=== Your objective ===
Omit every picture and write out the rest of the records exactly.

=== Data for this task ===

○ ○ ○

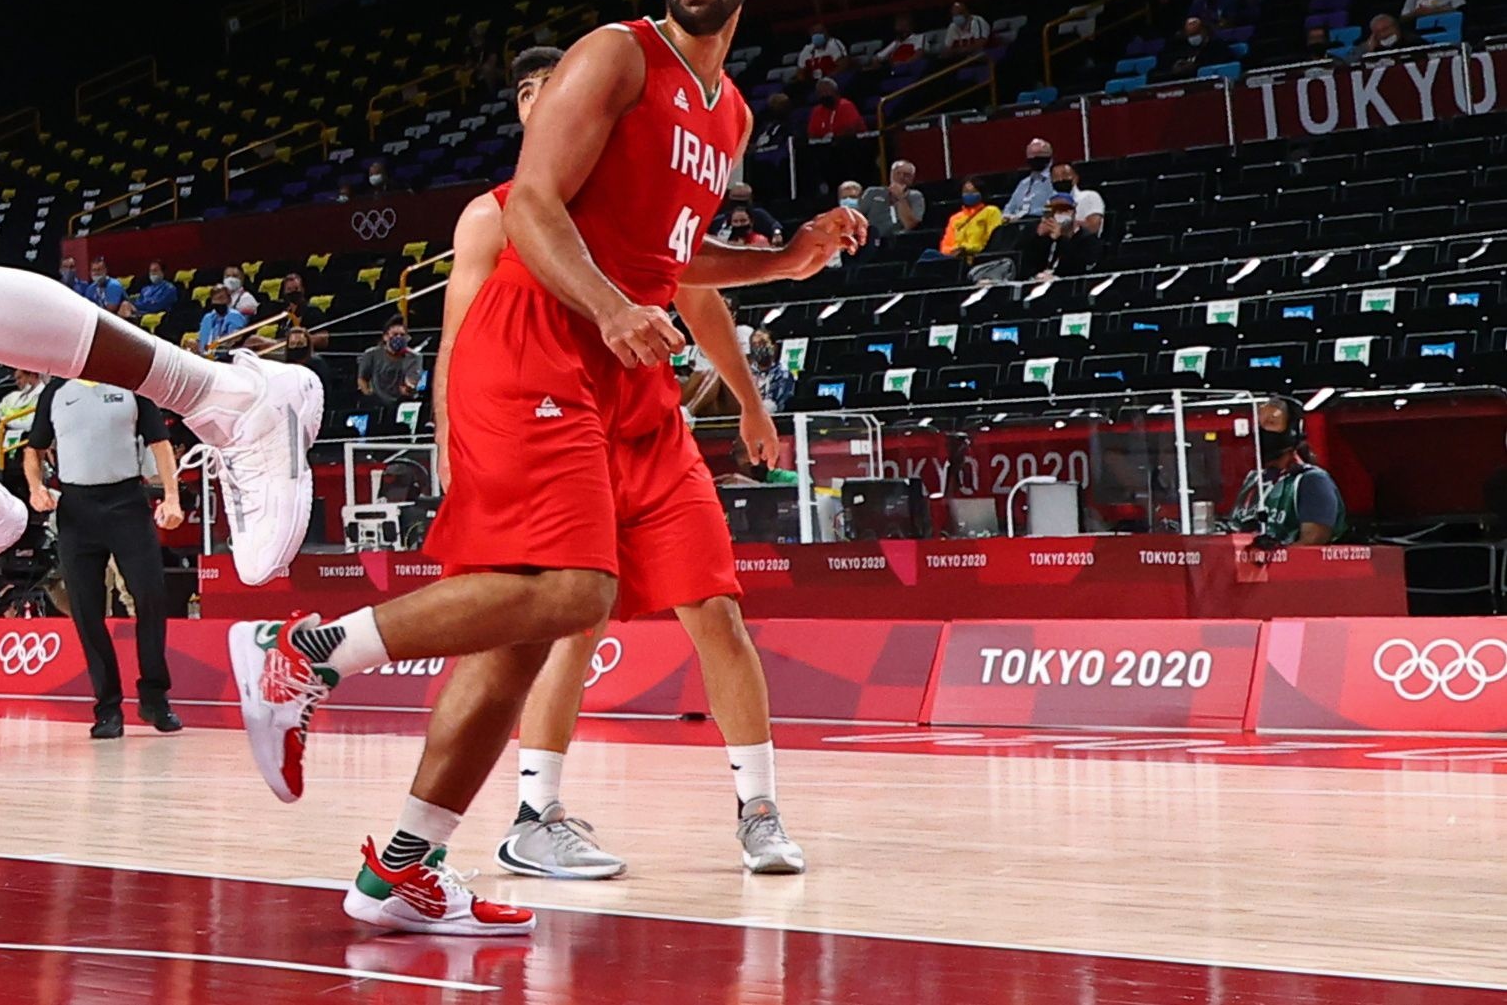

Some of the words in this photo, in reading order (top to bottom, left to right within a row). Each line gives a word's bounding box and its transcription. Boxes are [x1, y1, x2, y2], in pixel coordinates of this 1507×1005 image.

[1246, 52, 1499, 141] TOKYO
[670, 124, 733, 200] IRAN
[926, 555, 959, 568] TOKYO
[960, 553, 987, 567] 2020
[1029, 553, 1065, 566] TOKYO
[1066, 552, 1094, 566] 2020
[1139, 550, 1176, 565] TOKYO
[1321, 548, 1350, 561] TOKYO
[1350, 546, 1372, 560] 2020
[395, 564, 421, 576] TOKYO
[422, 564, 442, 576] 2020
[734, 560, 765, 572] TOKYO
[767, 558, 790, 571] 2020
[828, 557, 860, 570] TOKYO
[861, 556, 886, 569] 2020
[319, 566, 344, 577] TOKYO
[345, 565, 364, 577] 2020
[979, 648, 1105, 686] TOKYO
[1110, 649, 1212, 689] 2020

○ ○ ○

=== Written response ===
Some of the words in this photo, in reading order (top to bottom, left to right within a row). Each line gives a word's bounding box and its transcription. Boxes are [x1, y1, x2, y2], in pixel coordinates of this 1507×1005 image.

[1246, 52, 1499, 141] TOKYO
[670, 124, 733, 200] IRAN
[926, 555, 959, 568] TOKYO
[960, 553, 987, 567] 2020
[1029, 553, 1065, 566] TOKYO
[1066, 552, 1094, 566] 2020
[1139, 550, 1176, 565] TOKYO
[1321, 548, 1350, 561] TOKYO
[1350, 546, 1372, 560] 2020
[395, 564, 421, 576] TOKYO
[422, 564, 442, 576] 2020
[734, 560, 765, 572] TOKYO
[767, 558, 790, 571] 2020
[828, 557, 860, 570] TOKYO
[861, 556, 886, 569] 2020
[319, 566, 344, 577] TOKYO
[345, 565, 364, 577] 2020
[979, 648, 1105, 686] TOKYO
[1110, 649, 1212, 689] 2020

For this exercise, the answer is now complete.